Discovering the lack of Black preachers, a handful of white men volunteered to join and assist. Among these volunteers was Rev. W.C. Graves, presiding elder of the Morristown District. Believing in a critical need for a school providing education for blacks beyond primary grades and preachers for black churches, Graves, along with the support of newly elected M.E. Church Bishop Henry W. Warren, decided the location held by Stearns and others was suitable. By 1881, Stearns and her pupils took possession of the church and school building, establishing Morristown Seminary.

In October of the same year, Dr. Judson S. Hill, a 27-year-old pastor, and missionary from Trenton, New Jersey, was asked by the bishop of the Holston Conference to turn the school into a full-fledged seminary and normal school to contribute teachers and ministers to East Tennessee's Black communities. With the assistance of Nannie McGinley as part of the faculty, the path of the school was set into motion.   

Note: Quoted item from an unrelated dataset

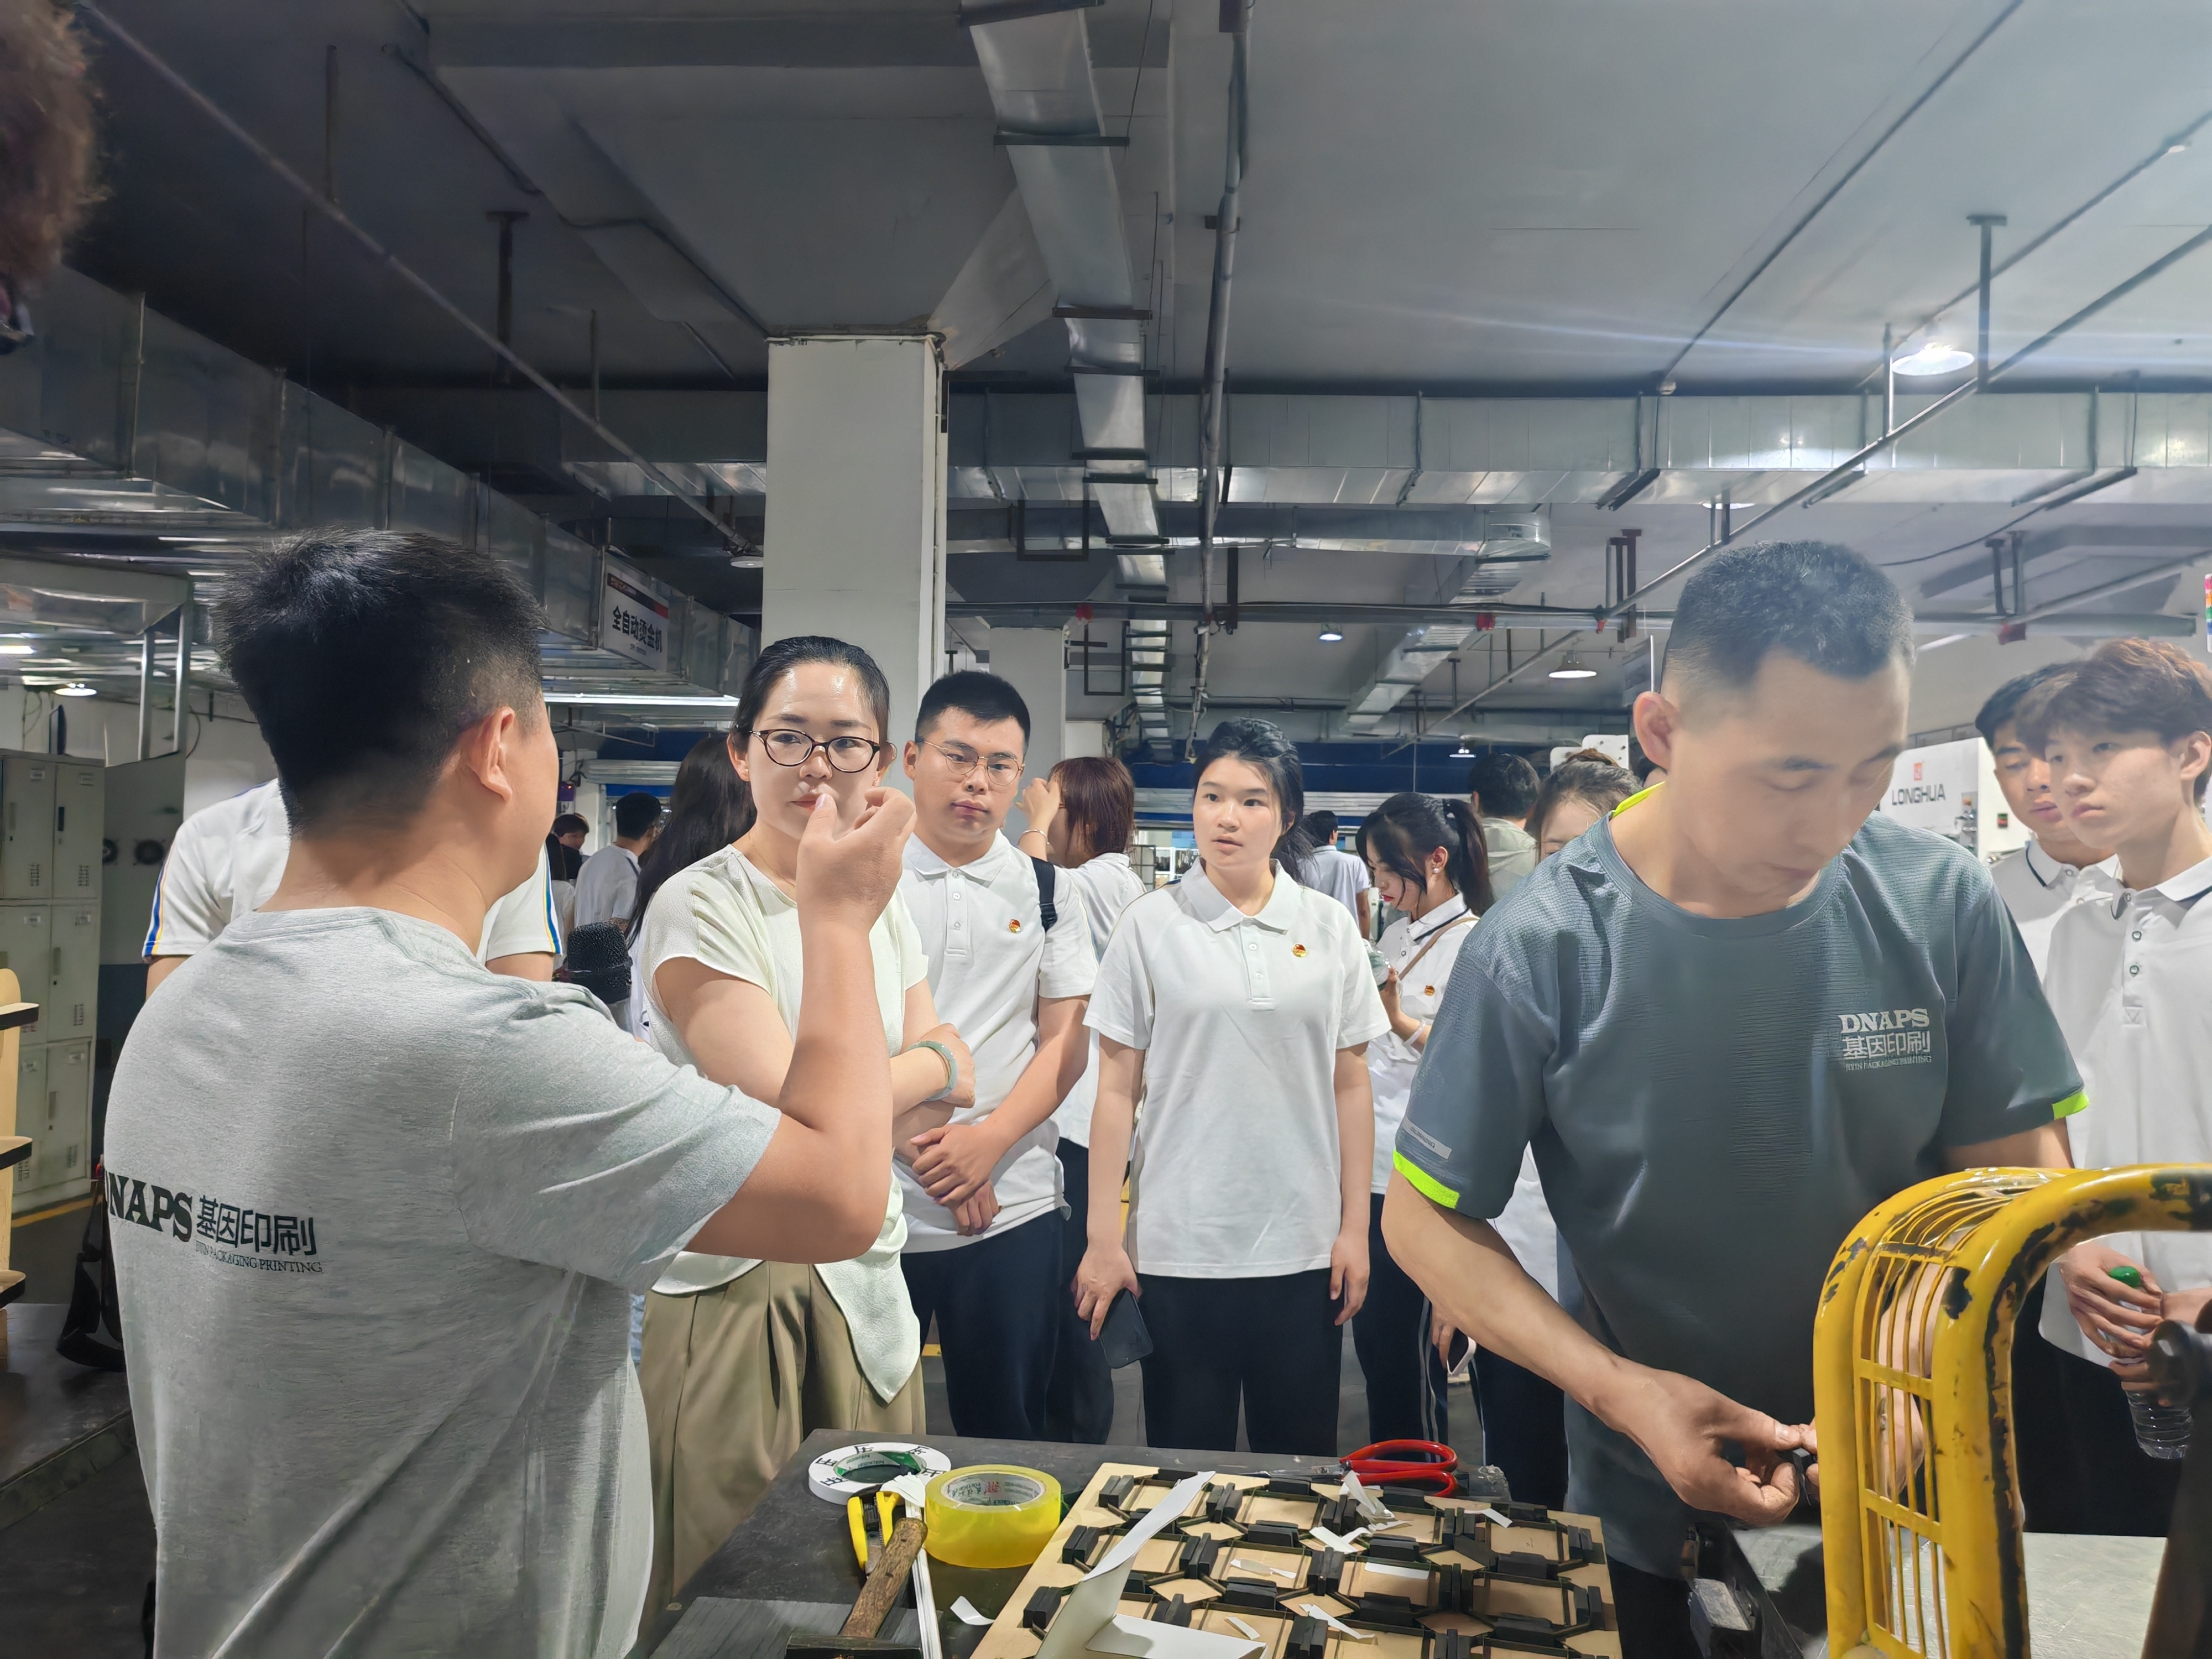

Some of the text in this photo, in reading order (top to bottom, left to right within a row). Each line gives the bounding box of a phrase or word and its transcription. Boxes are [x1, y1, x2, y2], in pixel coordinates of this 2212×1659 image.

The school was renamed Knoxville College-Morristown Campus in 1989 and closed in 1994.  Notable alumni included Lethia Flemming. The 52-acre campus was perched on a hill in Morristown and surrounded by five distinct neighborhoods. Seven of the college's nine buildings were on the National Register of Historic Places. After operations ceased, most college buildings fell into disrepair, succumbing to vandalism and neglect. The campus was demolished to make way for a city park that opened in 2019.